→ **Task brief**:
Would you transcribe each entry that follows word for word, minus the images?

────

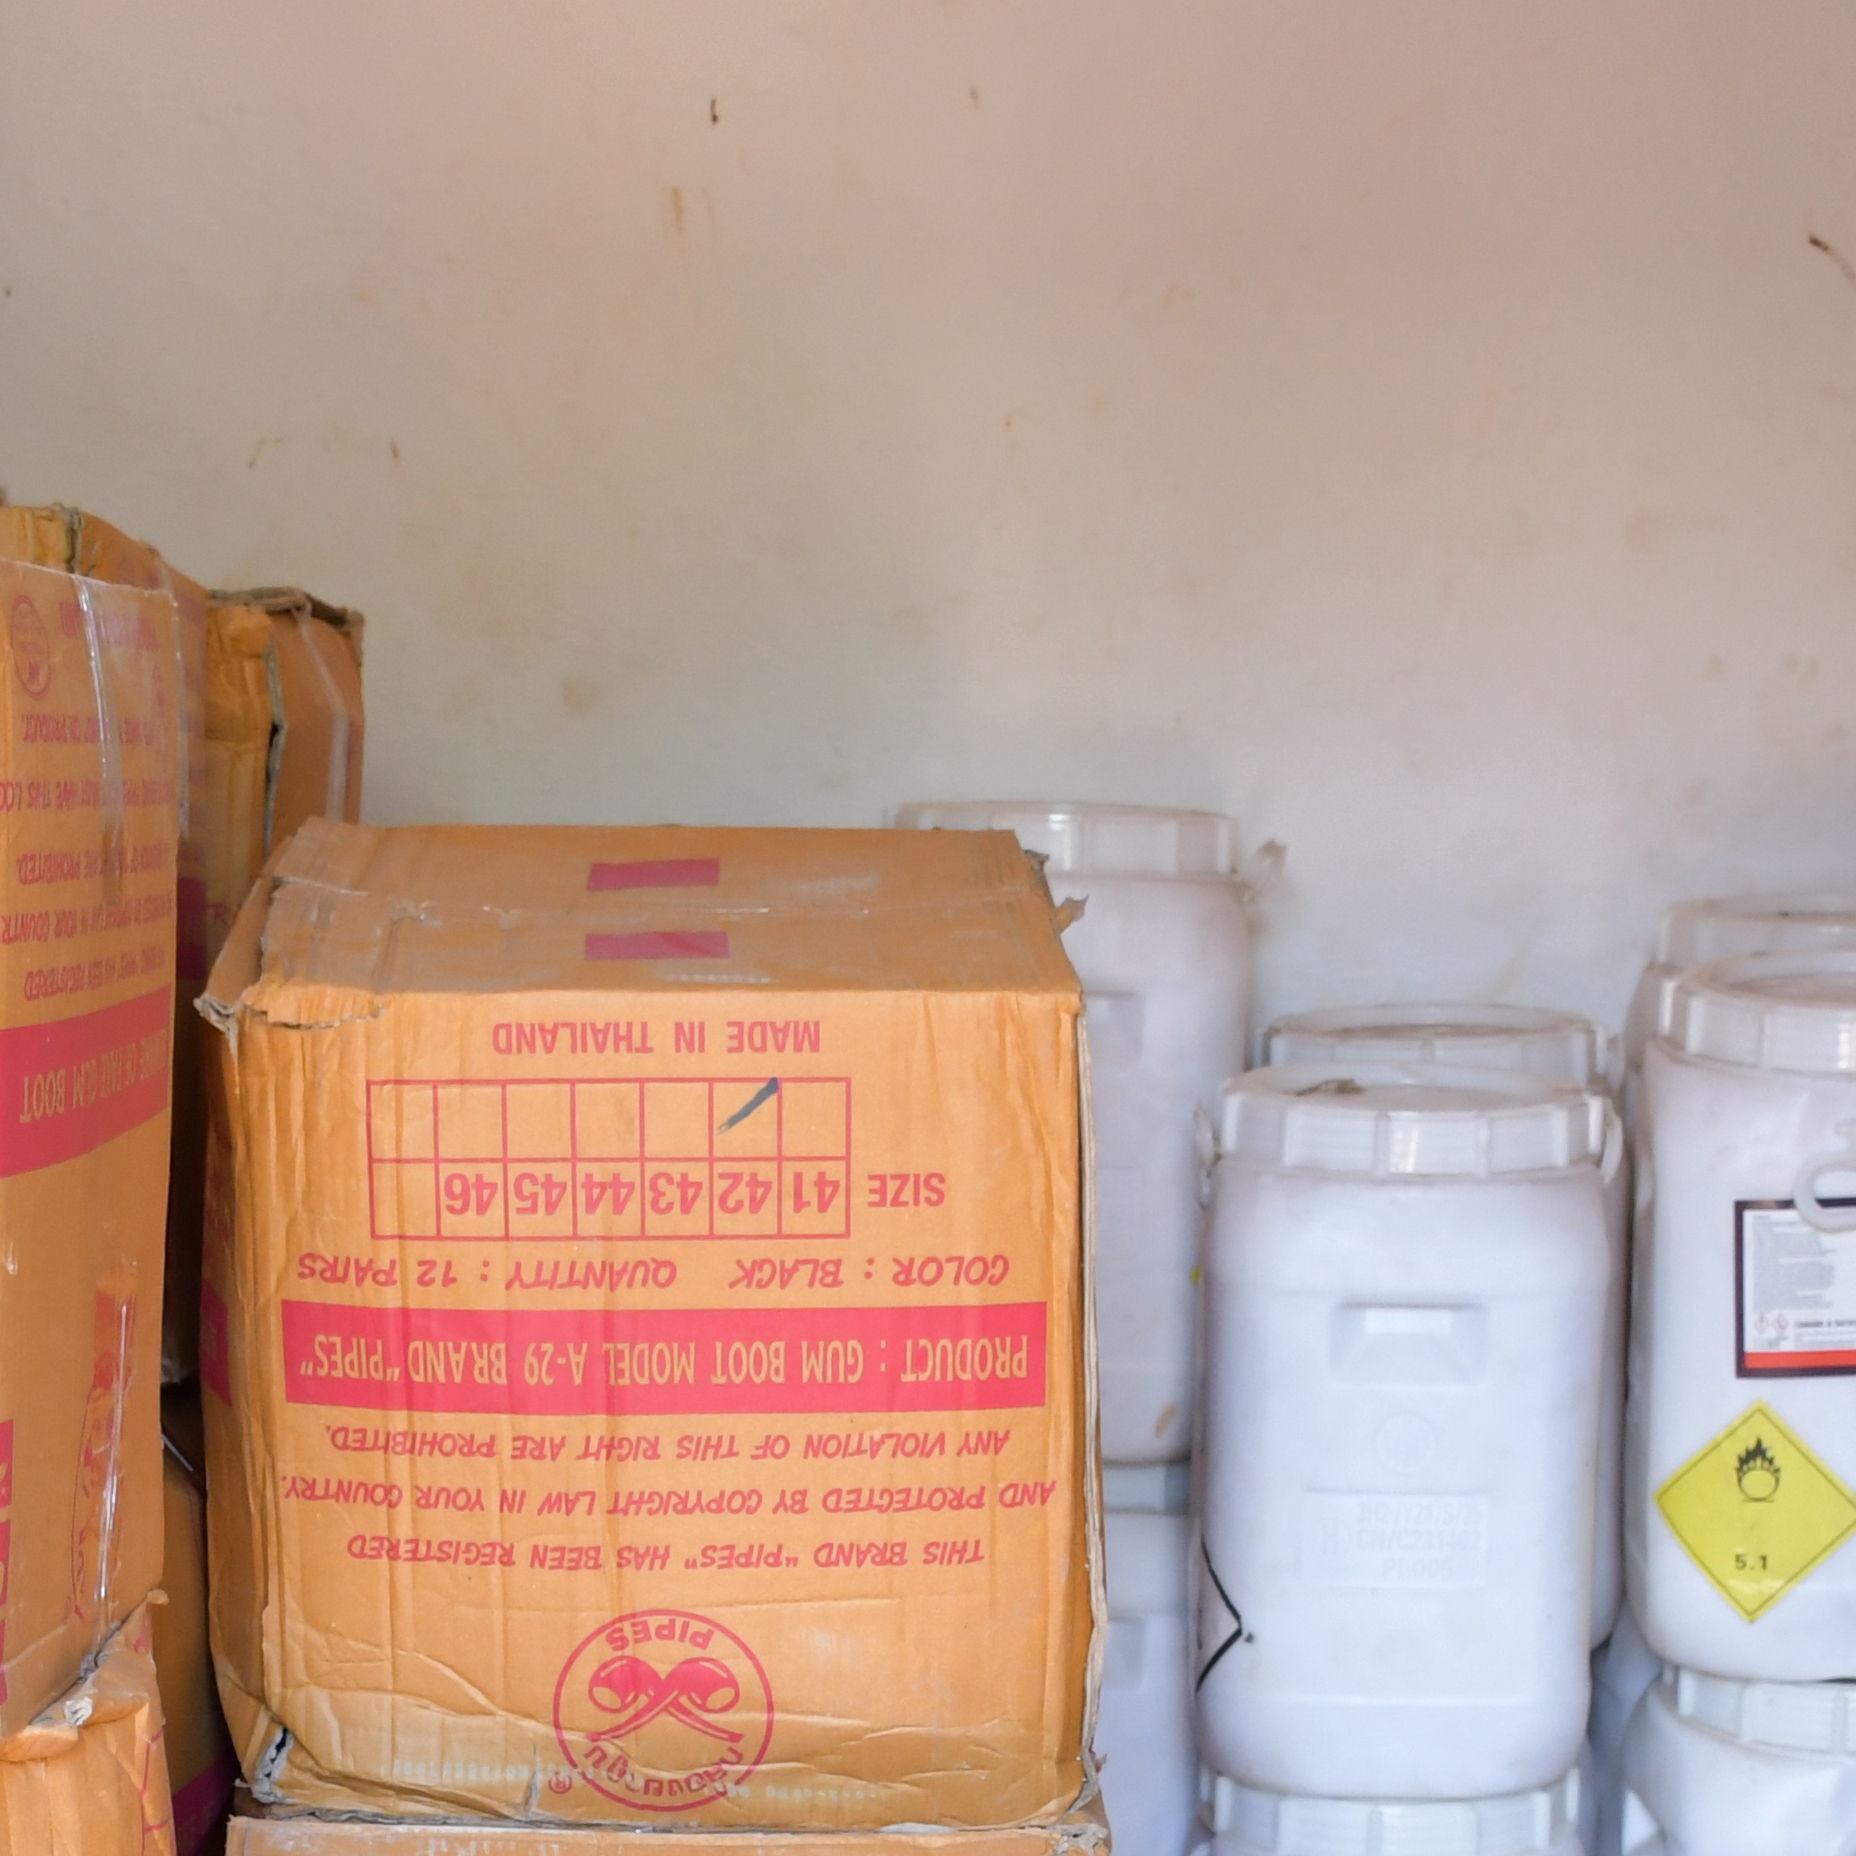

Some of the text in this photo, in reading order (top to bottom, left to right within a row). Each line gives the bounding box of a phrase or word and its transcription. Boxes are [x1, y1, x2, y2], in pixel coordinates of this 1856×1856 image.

[491, 1020, 822, 1055] MADE IN THAILAND
[19, 1071, 66, 1125] BOOT
[443, 1170, 946, 1216] SIZE 41 42 43 44 45 46
[297, 1251, 1011, 1293] COLOR BLACK QUANTITY 12 PAIRS
[407, 1339, 507, 1385] BRAND
[523, 1341, 588, 1386] A-29
[602, 1341, 696, 1387] MODEL
[711, 1339, 786, 1385] BOOT
[801, 1339, 865, 1384] GUM
[900, 1336, 1029, 1383] PRODUCT
[602, 1612, 716, 1653] PIPES

────

→ **Response area**:
Some of the text in this photo, in reading order (top to bottom, left to right within a row). Each line gives the bounding box of a phrase or word and its transcription. Boxes are [x1, y1, x2, y2], in pixel coordinates of this 1856×1856 image.

[491, 1020, 822, 1055] MADE IN THAILAND
[19, 1071, 66, 1125] BOOT
[443, 1170, 946, 1216] SIZE 41 42 43 44 45 46
[297, 1251, 1011, 1293] COLOR BLACK QUANTITY 12 PAIRS
[407, 1339, 507, 1385] BRAND
[523, 1341, 588, 1386] A-29
[602, 1341, 696, 1387] MODEL
[711, 1339, 786, 1385] BOOT
[801, 1339, 865, 1384] GUM
[900, 1336, 1029, 1383] PRODUCT
[602, 1612, 716, 1653] PIPES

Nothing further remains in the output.